Now this is the only cut of the film (of which their are several) which I have seen. I find it hard to know just what to make of the thing. It's not good, it's very lengthy, very talkie, very sexual and kind of boring. This should have been an epic, but outside of a single coliseum scene, it feels like a pornographic film made by the BBC. Helen Mirren is in this (alot of Helen Mirren), Peter O'Toole and Malcom McDowell. I broke this up into three roughly hour long parts. It was a slog, especially that last hour. I'm not sure exactly what was had in mind, but this film appears to be unsalvagable. *
Sunday, February 15, 2026
Wise Blood (1979)
John Huston directing, based on a novel by Flannery O'Connor, and staring a young Brad Dourf in a stand out performance.
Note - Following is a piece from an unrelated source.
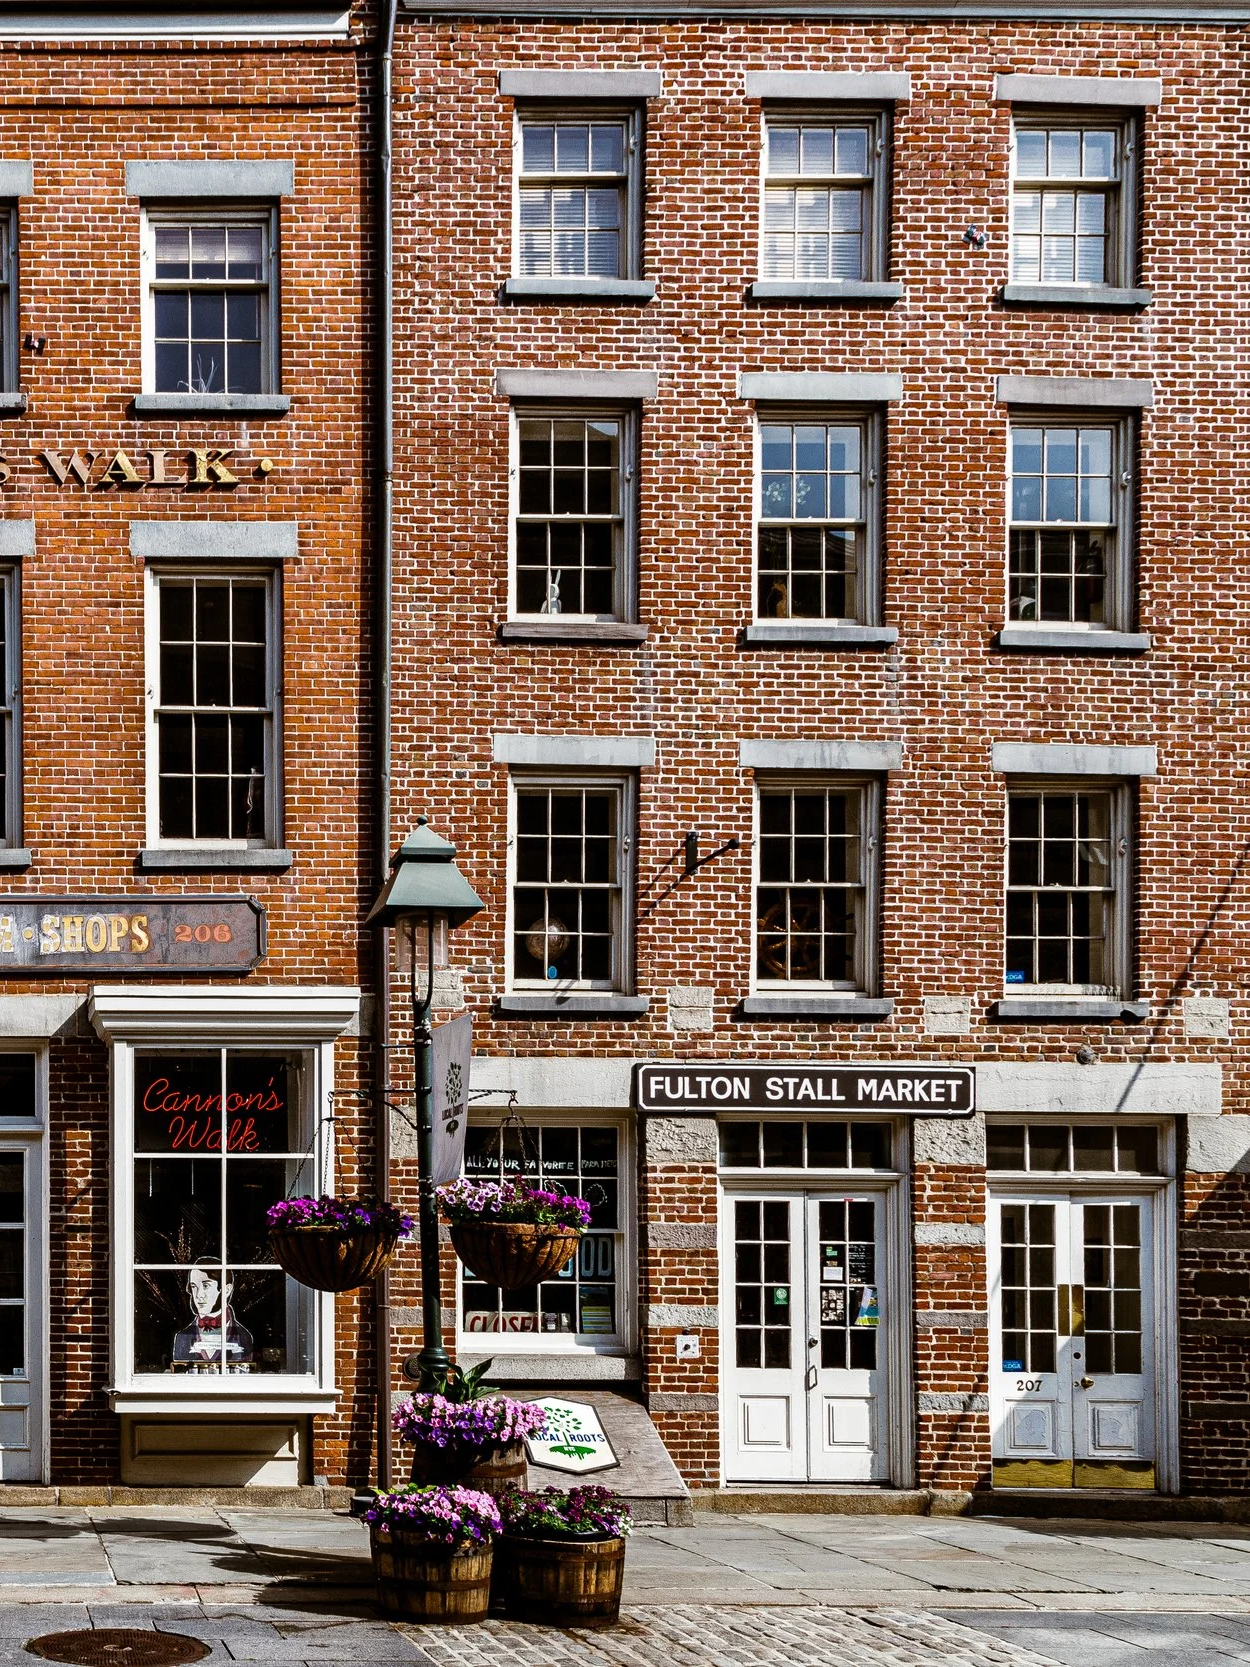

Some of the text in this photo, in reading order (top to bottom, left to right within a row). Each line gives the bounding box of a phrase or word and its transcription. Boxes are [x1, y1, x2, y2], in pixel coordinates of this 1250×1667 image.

Wise Blood' tells the story of "Hazel "Haze" Motes is a 22-year-old veteran of an unspecified war and a preacher of the Church of Truth Without Christ, a religious organization of his own creation, which is against any belief in God, an afterlife, sin, or evil. Hazel comes across various characters such as teenager Sabbath Lilly Hawks, who is madly in love with him; her grandfather Asa Hawks who is a conventional sidewalk preacher, and pretends to be blind; and a local boy, Enoch Emery, who finds a "new" Jesus at the local museum in the form of the tiny corpse of a shrunken South American Indian." - Wikipedia.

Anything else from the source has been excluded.